Waitomo: Unter der Erde und in der Luft

1354 Kilometer habe ich in meiner ersten Woche auf der Nordinsel in Neuseeland zurückgelegt. Standort derzeit: Waitomo Caves, südöstlich von Auckland.  

Blick vom Waitomo Lookout

Hier war ich unter der Erde in den Waitomo Caves und habe mir Glühwürmchen angeschaut. Ich bin beim Ruakuri Buschwalk in eine Höhle geklettert und habe mich durch Stalagnate gezwängt und ich bin beim Ziplinen über kleine Hügel und Bäume geglitten.

Unter den Hügeln von Waitomo gibt es ein Labyrinth an Höhlen und Gängen aus Kalkstein, die durch Wasser ausgespült wurden. Stalagmiten und Stalaktiten wachsen hier seit Jahrhunderten. Die Waitomo Caves lassen sich nur durch eine Führung besichtigen. Erst geht es zu Fuß in die Höhle, dann mit dem Boot zu den Glühwürmchen, die an der Decke hängen. 

In den Waitomo Caves war das Fotografieren verboten, nur kurz vorm Ende nicht.

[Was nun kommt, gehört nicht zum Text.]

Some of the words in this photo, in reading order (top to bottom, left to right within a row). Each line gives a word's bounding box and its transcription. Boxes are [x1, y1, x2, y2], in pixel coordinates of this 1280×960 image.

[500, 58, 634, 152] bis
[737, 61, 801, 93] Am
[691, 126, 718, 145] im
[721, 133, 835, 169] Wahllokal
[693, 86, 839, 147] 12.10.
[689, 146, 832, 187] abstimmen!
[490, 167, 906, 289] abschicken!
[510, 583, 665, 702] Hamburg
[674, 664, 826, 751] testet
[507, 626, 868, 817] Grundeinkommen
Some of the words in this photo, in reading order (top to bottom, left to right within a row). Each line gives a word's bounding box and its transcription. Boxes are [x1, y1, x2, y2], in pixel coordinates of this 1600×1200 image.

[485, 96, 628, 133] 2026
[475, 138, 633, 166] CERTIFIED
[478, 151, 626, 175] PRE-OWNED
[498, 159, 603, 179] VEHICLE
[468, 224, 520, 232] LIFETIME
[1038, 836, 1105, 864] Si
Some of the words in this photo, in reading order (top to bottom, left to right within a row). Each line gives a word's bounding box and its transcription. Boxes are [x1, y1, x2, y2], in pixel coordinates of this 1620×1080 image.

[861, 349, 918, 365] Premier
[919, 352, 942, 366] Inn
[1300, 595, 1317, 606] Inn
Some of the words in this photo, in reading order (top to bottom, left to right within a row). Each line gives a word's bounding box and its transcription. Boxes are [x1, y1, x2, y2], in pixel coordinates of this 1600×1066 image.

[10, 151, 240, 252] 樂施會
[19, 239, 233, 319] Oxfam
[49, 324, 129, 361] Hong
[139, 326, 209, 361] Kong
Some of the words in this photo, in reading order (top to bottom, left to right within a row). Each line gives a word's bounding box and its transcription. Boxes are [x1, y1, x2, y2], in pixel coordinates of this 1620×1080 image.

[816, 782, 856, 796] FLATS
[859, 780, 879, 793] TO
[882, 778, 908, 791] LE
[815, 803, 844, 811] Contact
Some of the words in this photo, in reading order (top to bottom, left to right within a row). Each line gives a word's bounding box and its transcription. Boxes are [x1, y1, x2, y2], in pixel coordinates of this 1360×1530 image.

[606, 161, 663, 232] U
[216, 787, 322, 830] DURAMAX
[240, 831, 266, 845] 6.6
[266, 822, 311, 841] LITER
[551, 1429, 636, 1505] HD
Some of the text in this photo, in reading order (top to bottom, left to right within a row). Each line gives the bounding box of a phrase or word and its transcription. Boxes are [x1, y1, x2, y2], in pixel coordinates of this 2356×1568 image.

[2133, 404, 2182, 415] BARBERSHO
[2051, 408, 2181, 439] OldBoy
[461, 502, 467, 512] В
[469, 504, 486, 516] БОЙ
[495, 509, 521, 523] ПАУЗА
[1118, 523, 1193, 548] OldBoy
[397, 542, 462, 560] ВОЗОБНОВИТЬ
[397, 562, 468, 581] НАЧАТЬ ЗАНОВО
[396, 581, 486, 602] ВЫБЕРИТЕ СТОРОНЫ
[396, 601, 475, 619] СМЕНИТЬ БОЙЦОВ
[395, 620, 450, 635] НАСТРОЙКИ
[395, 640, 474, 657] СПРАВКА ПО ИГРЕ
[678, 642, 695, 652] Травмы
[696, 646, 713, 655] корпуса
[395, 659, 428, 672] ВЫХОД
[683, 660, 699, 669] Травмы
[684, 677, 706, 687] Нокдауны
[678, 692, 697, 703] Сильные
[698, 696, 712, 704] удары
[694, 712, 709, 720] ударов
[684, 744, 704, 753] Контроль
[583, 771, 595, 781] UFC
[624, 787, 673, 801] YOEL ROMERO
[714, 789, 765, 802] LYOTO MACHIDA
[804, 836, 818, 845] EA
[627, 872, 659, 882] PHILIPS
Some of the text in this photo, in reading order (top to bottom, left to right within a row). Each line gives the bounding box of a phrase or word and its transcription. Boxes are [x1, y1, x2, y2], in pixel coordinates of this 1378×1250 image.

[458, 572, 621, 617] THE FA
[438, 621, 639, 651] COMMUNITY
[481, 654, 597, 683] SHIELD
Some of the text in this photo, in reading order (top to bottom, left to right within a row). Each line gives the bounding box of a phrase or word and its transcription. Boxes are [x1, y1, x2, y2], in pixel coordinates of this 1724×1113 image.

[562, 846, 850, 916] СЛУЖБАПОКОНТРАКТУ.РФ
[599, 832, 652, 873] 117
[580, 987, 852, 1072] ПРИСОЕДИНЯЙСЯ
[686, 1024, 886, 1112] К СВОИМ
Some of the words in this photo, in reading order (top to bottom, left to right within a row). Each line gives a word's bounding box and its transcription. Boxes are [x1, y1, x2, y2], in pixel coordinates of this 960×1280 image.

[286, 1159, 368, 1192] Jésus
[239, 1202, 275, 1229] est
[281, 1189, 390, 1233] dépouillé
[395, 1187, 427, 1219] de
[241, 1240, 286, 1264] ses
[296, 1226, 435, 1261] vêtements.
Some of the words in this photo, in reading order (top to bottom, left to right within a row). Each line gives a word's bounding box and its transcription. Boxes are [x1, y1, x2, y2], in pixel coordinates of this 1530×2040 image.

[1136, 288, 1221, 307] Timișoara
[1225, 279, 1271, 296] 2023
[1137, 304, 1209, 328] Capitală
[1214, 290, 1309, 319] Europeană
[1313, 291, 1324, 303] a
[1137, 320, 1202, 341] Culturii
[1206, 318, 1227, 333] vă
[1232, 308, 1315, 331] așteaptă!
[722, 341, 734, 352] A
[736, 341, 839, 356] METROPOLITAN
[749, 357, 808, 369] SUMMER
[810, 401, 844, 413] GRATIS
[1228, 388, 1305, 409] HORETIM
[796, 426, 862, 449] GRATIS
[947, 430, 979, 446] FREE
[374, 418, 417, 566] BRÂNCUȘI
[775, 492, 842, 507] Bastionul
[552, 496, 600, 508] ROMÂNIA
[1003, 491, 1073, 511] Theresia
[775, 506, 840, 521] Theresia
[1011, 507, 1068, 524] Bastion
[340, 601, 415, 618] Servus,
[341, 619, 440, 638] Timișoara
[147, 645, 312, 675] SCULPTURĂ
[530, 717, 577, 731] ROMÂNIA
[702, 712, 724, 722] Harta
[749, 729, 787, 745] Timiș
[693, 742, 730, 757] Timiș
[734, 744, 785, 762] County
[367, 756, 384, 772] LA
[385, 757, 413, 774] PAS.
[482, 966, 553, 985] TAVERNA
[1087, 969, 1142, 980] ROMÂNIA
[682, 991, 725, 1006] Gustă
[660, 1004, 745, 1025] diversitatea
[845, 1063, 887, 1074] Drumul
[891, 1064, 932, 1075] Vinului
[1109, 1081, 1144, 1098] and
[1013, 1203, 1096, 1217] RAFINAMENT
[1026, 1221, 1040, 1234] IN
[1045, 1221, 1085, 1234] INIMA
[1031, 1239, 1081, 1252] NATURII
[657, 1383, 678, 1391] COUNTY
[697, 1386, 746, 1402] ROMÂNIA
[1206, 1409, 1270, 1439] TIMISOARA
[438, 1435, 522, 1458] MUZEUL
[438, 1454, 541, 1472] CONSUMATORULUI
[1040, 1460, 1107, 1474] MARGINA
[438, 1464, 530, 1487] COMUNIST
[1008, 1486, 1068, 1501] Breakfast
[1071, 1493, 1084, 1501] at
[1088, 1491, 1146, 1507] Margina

Den Ruakuri Bushwalk kann man auf eigene Faust unternehmen. Er führt durch den Wald, am Fluss entlang und man kann die Naturhöhlen selbst besichtigen. In eine Höhle, die nicht auf der Karte eingezeichnet ist, bin ich geklettert. Zwei Mädels kamen gerade aus dem engen Spalt in einiger Höhe hervor und erzählten mir, dass man dort hineinklettern könne, um dann weniger Meter entfernt aus einem Loch herauszugucken. 

Da ging es für mich durch. (Sieht real dramatischer aus :))

Wenn ich die zwei nicht getroffen hätte, wäre ich nicht drauf gekommen, durch die Höhle zu klettern. Dort war es sehr dunkel und nass und ziemlich eng. Mit dem Handy und der aktivierten Taschenlampe in der Hand war das klettern gar nicht so einfach. Nicht dass das Telefon noch in den Spalt unter mir fällt...

Der Rundweg führte durch mehrere Naturhöhlen

In einer gab es eine Aussichtsplattform mit Blick in die Höhle und auf den Fluss

Doch ich war nicht nur unter der Erde. Neben den Waitomo Caves gibt es einen Ziplinepark mit einen Kilometer Zipline in zehn Abschnitte aufgeteilt. Auf der Zwei-Stunden-Tour fliegt man nicht nur schnell von Hügel zu Hügel oder Baum zu Baum, sondern hat dabei auch eine tolle Aussicht.

Im Zipline-Park mit toller Aussicht
Bevor ich Richtung Waitomo gefahren war, hatte ich noch einen Stopp am Kiwi House in Otorohanga eingelegt. Dort gibt es vier der nachtaktiven Vögel, die man am Tag beobachten kann. Sie leben in "Nachtboxen", einem Gehege in dem die Nacht simuliert wird, sodass die vorm Aussterben bedrohten Tiere für uns am Tag aktiv sind. Wenn wir schlafen, wird im Kiwi-Gehege der Tag simuliert und die Vögel gehen auch schlafen.

In Waitomo bin ich erstmals zwei Nächte an einem Ort geblieben. Doch morgen geht es weiter in Richtung Inselmittel zu den Vulkanlandschaften und Geysiren zwischen Rotorua und Taupo. Immer im Blick den neuseeländischen Wetterdienst MetService, der ein Extremwetter-Event vorhersagt mit viel Regen und Wind. Grund: Der Zyklon Gabrielle wird auf die Nordinsel treffen. Bleibt zu hoffen, dass ich nicht zwei Tage im Camper ausharren muss. Denn bis einschließlich Dienstag soll das Extremwetter anhalten.